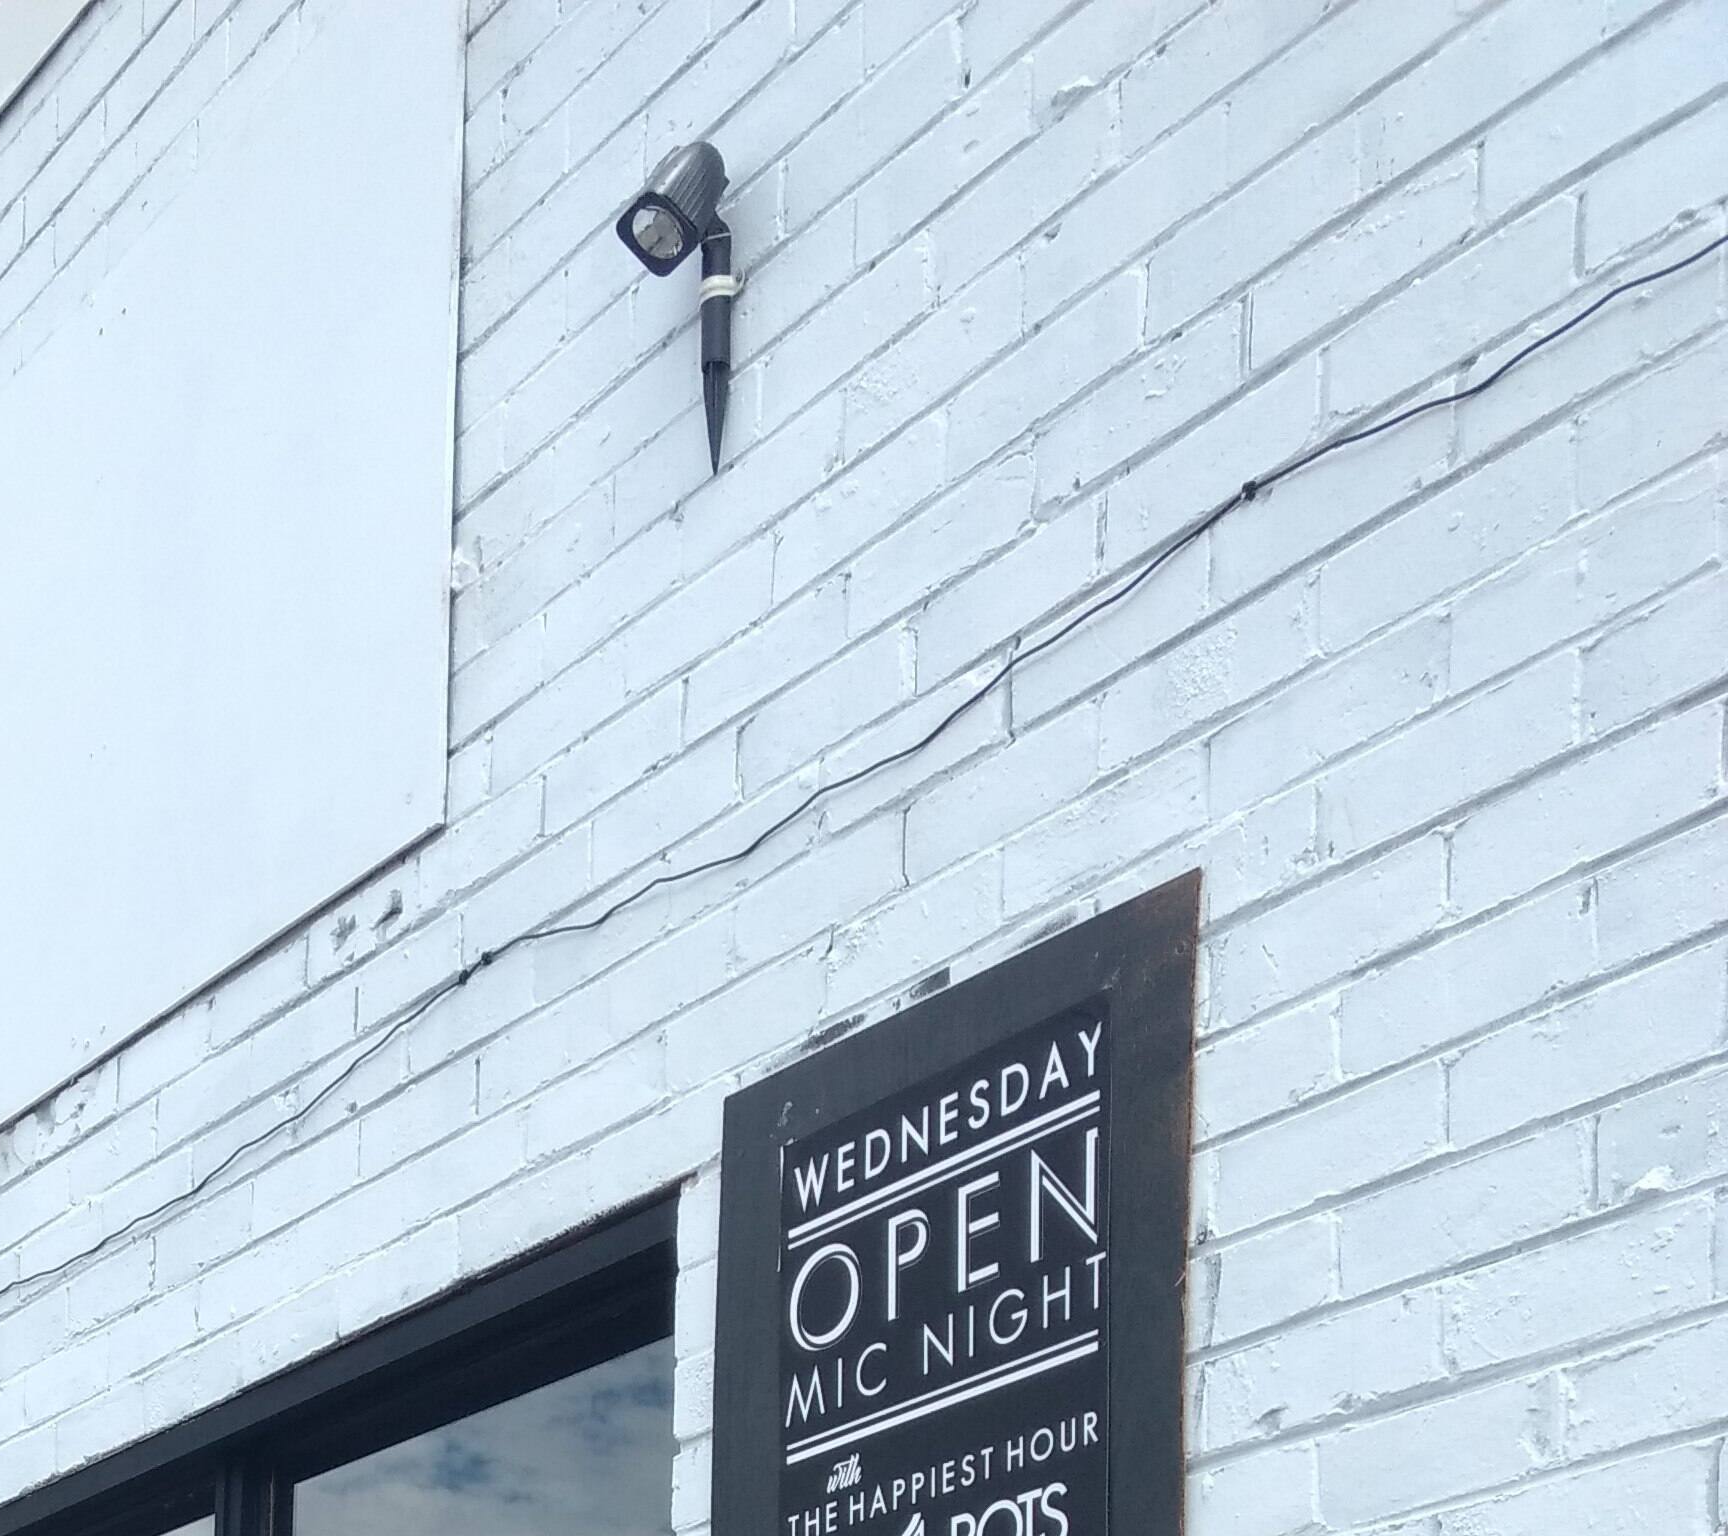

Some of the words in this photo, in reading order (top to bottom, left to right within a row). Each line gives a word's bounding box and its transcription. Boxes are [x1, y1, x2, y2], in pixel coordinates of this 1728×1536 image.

[794, 1022, 1102, 1213] WEDNESDAY
[789, 1126, 1100, 1351] OPEN
[786, 1342, 887, 1427] MIC
[923, 1252, 1106, 1368] NIGHT
[826, 1453, 863, 1494] with
[847, 1448, 994, 1526] HAPPIEST
[1005, 1411, 1099, 1470] HOUR
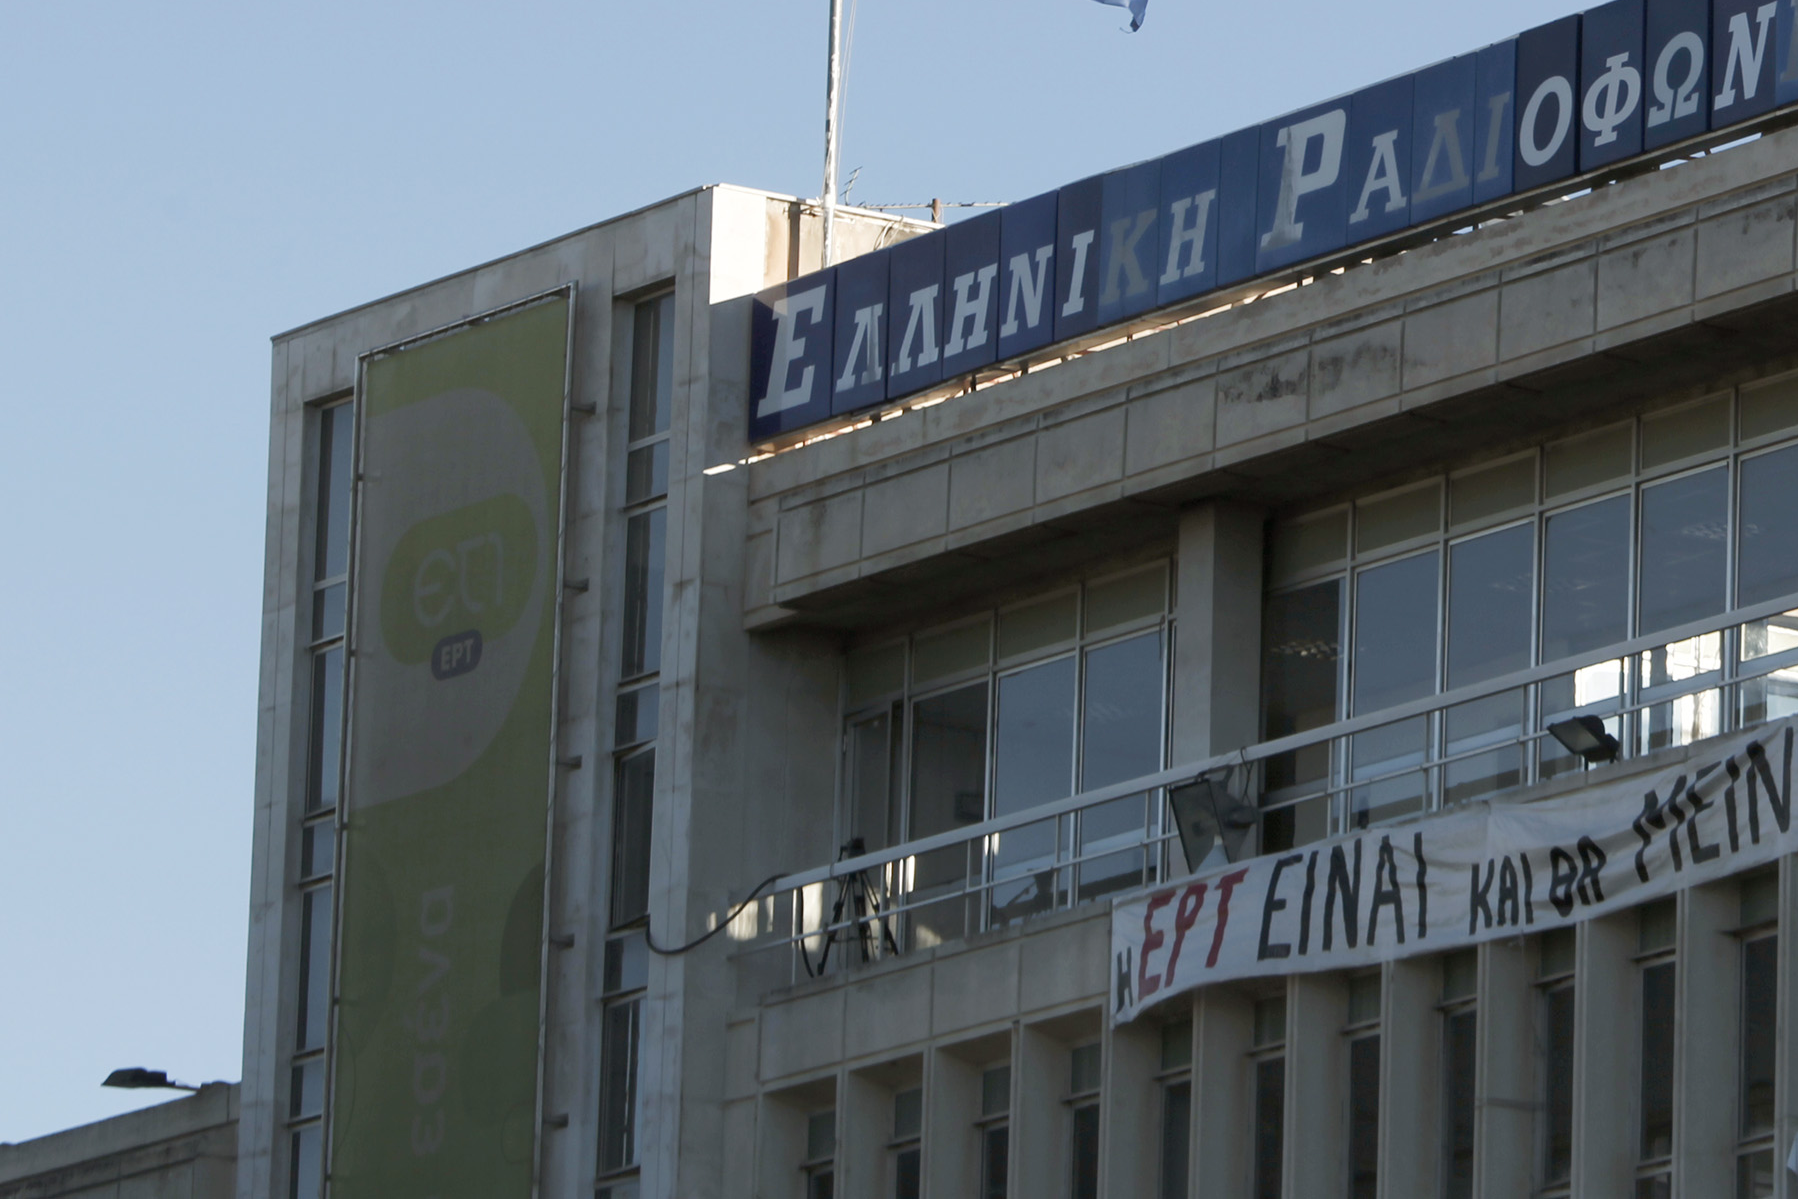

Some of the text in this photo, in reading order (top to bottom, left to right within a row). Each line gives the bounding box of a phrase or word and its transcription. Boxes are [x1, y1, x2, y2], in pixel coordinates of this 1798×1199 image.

[756, 188, 1216, 418] ΕΛΛΗΝΙΚΗ
[1138, 866, 1250, 1001] ΕΡΤ
[1257, 832, 1427, 961] ΕΙΝΑΙ
[1469, 852, 1534, 936] ΚΑΙ
= = = = =
Restate the data above word for word. Skip every picture.

Some of the words in this photo, in reading order (top to bottom, left to right within a row). Each line gives a word's bounding box and its transcription. Boxes are [x1, y1, x2, y2], in pixel coordinates of this 1728×1536 image.

[794, 1022, 1102, 1213] WEDNESDAY
[789, 1126, 1100, 1351] OPEN
[786, 1342, 887, 1427] MIC
[923, 1252, 1106, 1368] NIGHT
[826, 1453, 863, 1494] with
[847, 1448, 994, 1526] HAPPIEST
[1005, 1411, 1099, 1470] HOUR

Some of the text in this photo, in reading order (top to bottom, left to right within a row). Each line gives the bounding box of a phrase or word and its transcription. Boxes are [x1, y1, x2, y2], in pixel coordinates of this 1798×1199 image.

[756, 188, 1216, 418] ΕΛΛΗΝΙΚΗ
[1138, 866, 1250, 1001] ΕΡΤ
[1257, 832, 1427, 961] ΕΙΝΑΙ
[1469, 852, 1534, 936] ΚΑΙ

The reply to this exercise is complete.